The Centre for Psycho-Social Studies

in association with

UWE Institute for Sustainability, Health and the Environment

presents a second one-day public conference on Climate Change

 

13 November 2010, 9.30 am to 5.00 pm

Seeing Futures: Integrating Scientific Views on Changing Climates

Homo Sapiens is responsible for the sixth great species extinction in our planet’s history, now taking place.  In our lack of sapience, we tend to act as if unable to grasp that we are part of an interdependent, sensitive and fabulous system.  As we deplete that system, we impoverish and threaten ourselves.  Climate change both epitomises and dominates this picture.  Our footprint, whether measured in carbon or in what we crush, is far too heavy.

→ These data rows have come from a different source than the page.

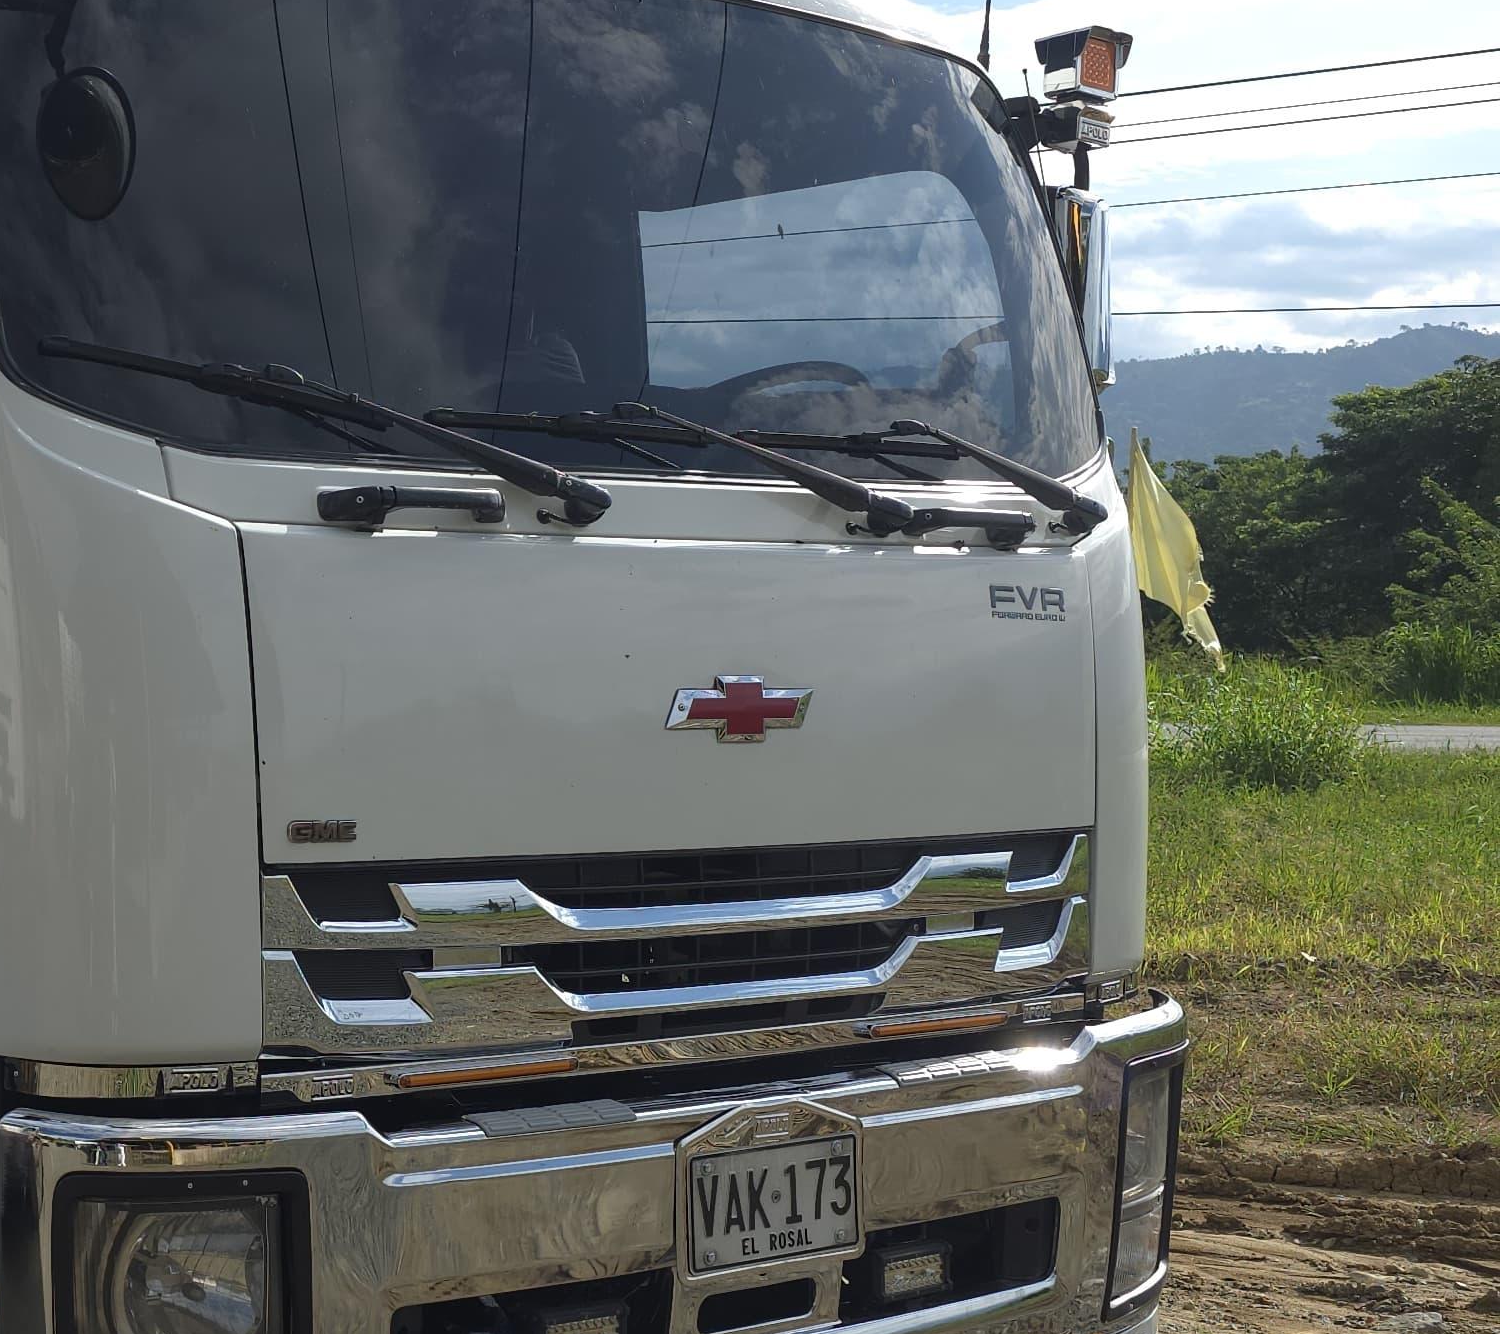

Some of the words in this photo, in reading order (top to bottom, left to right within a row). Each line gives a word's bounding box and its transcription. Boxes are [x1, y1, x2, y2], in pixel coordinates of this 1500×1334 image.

[1081, 123, 1108, 140] APOLO
[988, 585, 1066, 613] FVR
[287, 820, 356, 843] GME
[696, 1168, 771, 1238] VAK
[783, 1155, 852, 1226] 173
[742, 1237, 760, 1255] EL
[770, 1227, 813, 1252] ROSAL
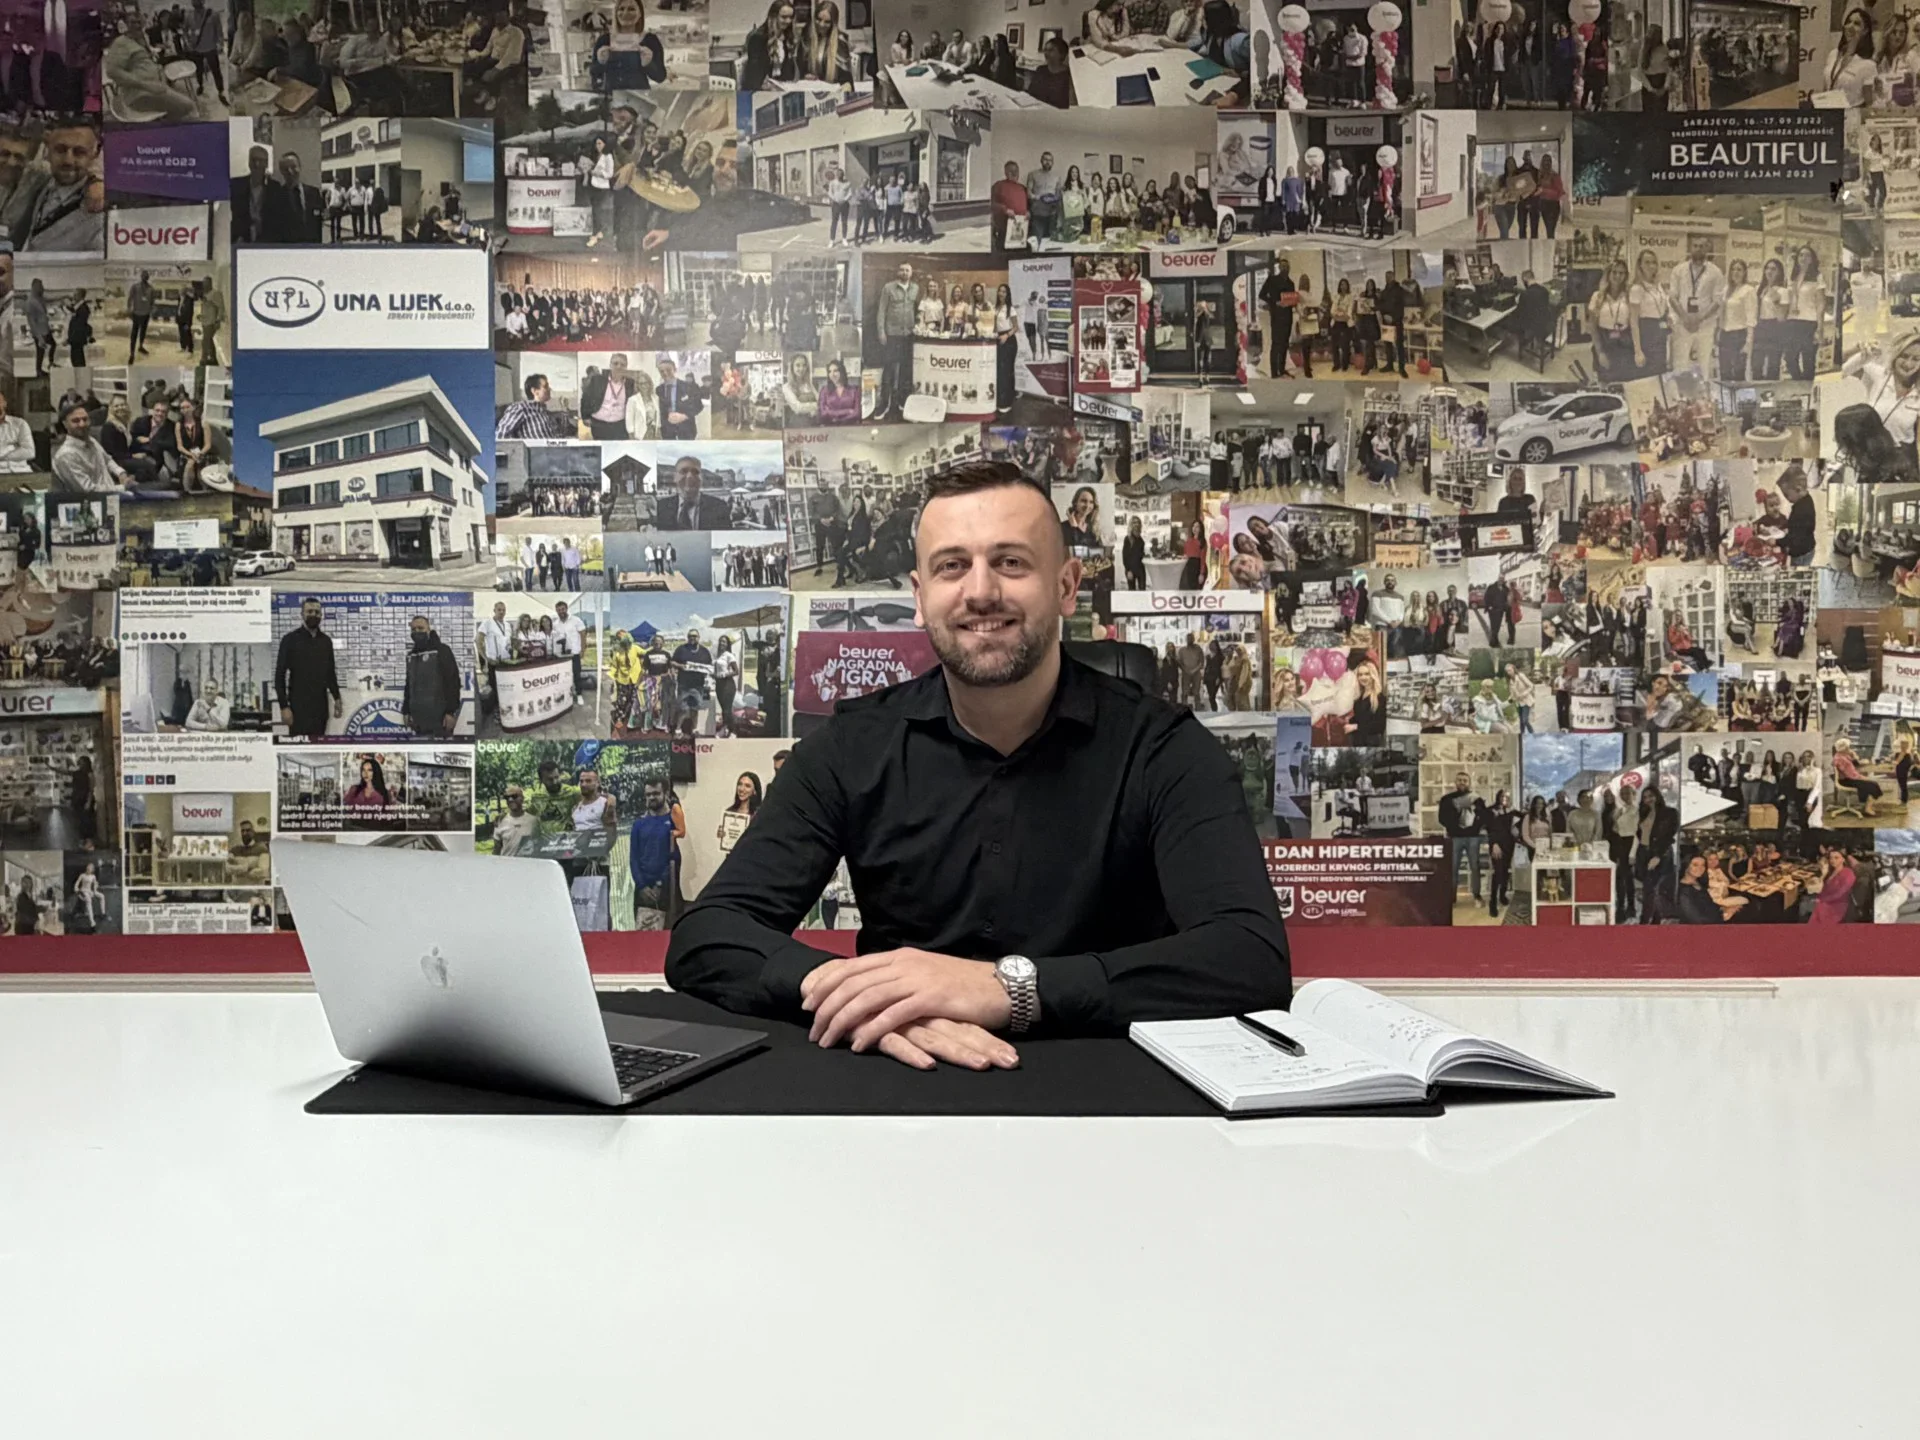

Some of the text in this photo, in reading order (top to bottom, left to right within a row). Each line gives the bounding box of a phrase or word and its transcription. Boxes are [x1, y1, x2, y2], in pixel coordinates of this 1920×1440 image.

Climate science is a complicated interdisciplinary venture, and is certainly imperfect, but the broad picture and choices seem clear enough, particularly in the above context.  All good scientists are sceptics, but how much more proof do we need of what is happening?  The block to ecologically informed living is a complex of ideological, political, economic and psychological factors, blending lethally into our very success as a species.  

A survival plan for this century and beyond must combine the best knowledge available on the climate and other systems in which we are operating so destructively, the fullest possible understanding of the factors inhibiting necessary change, and a determined effort to find new visions and pathways to sustainability.  The aim of the conference is to contribute to this multi-layered task.

Speakers

Dr Stephan Harrison - Associate Professor of Quaternary Science, University of Exeter.

Climate Science – Certainty, Uncertainty and Risk

Dr Tim Chatterton - Senior Research Fellow in Air Quality at UWE, currently on Social Science Policy Fellowship with the Department of Energy and Climate Change. 

Climate Change – Science, Media, Policy and The Public

Dr Clive Hamilton - Professor of Public Ethics, Australia National University; author of Growth Fetish, The Freedom Paradox and Requiem for a Species

Climate Knowledge Under Siege – the Many Forms of Denial  (by audio-visual link from Canberra)

Sandra White - Ecopsychologist, environmental writer, bereavement counsellor, founder member: Transition Hertford. 

Beyond Sacrifice – Reaching Towards the Ecological Self

 

Fee: (to include lunch, coffee and tea): £70 before 30 July, thereafter £80

A limited number of bursaries are available (students/unwaged): Apply in writing.

To Book a place:          

  • Register online (please use this option if possible)
  • By post: Nigel Williams, University of the West of England, Centre for Psycho-Social Studies, Room 3L7, Frenchay Campus, Bristol BS16 1QY.
  • Telephone enquires: 0117 3281311 (Voicemail)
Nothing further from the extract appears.